Abstract Stochastic curtailment is a valuable tool in monitoring long-term medical studies. Under this approach, one calculates the conditional power, which is the probability of rejecting the null hypothesis at the scheduled end of the study given the existing data at the interim analysis, along with certain speculation about the future data. The conditional power may be used to aid the decision to terminate a study prematurely or to extend a study beyond its originally planned duration. This article provides a formal and systematic investigation into the use of stochastic curtailment in the context of censored survival data. To enhance generality, we introduce a broad class of statistics that includes two-sample weighted log-rank statistics, as well as the partial likelihood score statistic for testing treatment difference with covariate adjustment under the proportional hazards model. We establish the weak convergence under both the null hypothesis and contiguous alternatives for this class of statistics when calculated repeatedly over the calendar time (i.e., time of interim analysis).
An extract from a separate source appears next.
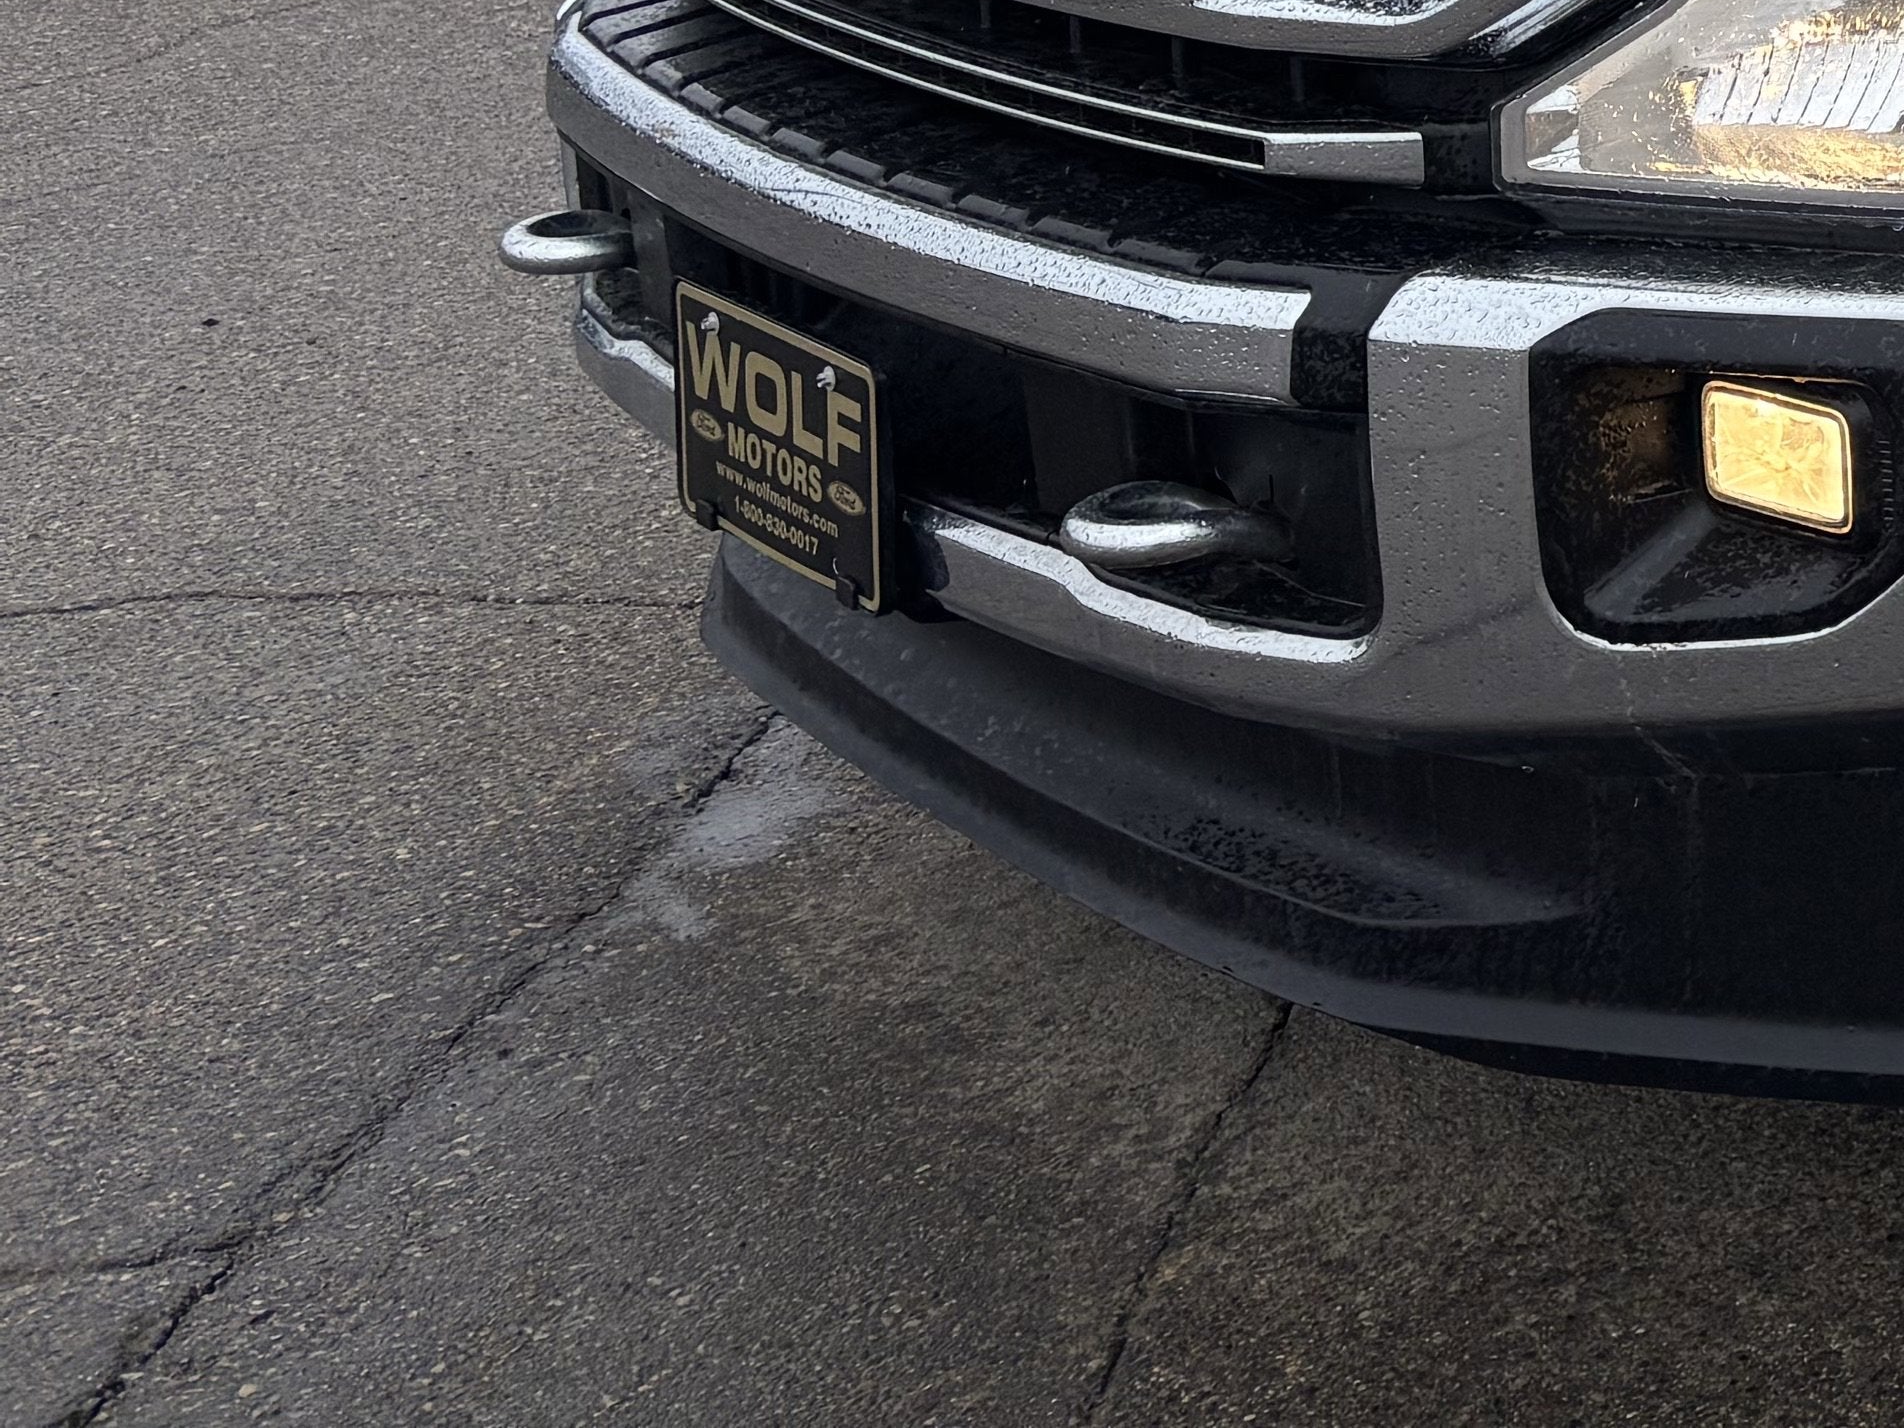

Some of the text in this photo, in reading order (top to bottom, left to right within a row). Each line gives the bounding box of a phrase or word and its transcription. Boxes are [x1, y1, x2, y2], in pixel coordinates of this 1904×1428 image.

[686, 321, 862, 467] WOLF
[715, 460, 839, 538] www.wolfmotors.com
[727, 421, 823, 503] MOTORS
[735, 495, 819, 555] 1-800-830-0017
Further, we derive the conditional distributions of these statistics calculated at the end of the study given all the data collected up to the interim look or given the statistics calculated at the interim look, and provide analytic expressions for the corresponding conditional powers. These results enable us to address several subtle issues involved in the definition and implementation of conditional power for censored survival data, especially when there is staggered patient entry with a potential time trend in the survival distribution, when the Gehan-type weight function is used, or when treatment is not independent of covariates. For randomized clinical trials, we show that very simple formulas can be used to calculate the conditional powers of the unweighted log-rank test (with or without covariate adjustment) under both the null and alternative hypotheses. Simulation studies demonstrate that the conditional powers for survival studies can be accurately evaluated through the proposed formulas even when the sample size is small. An illustration with data taken from a colon cancer study is provided.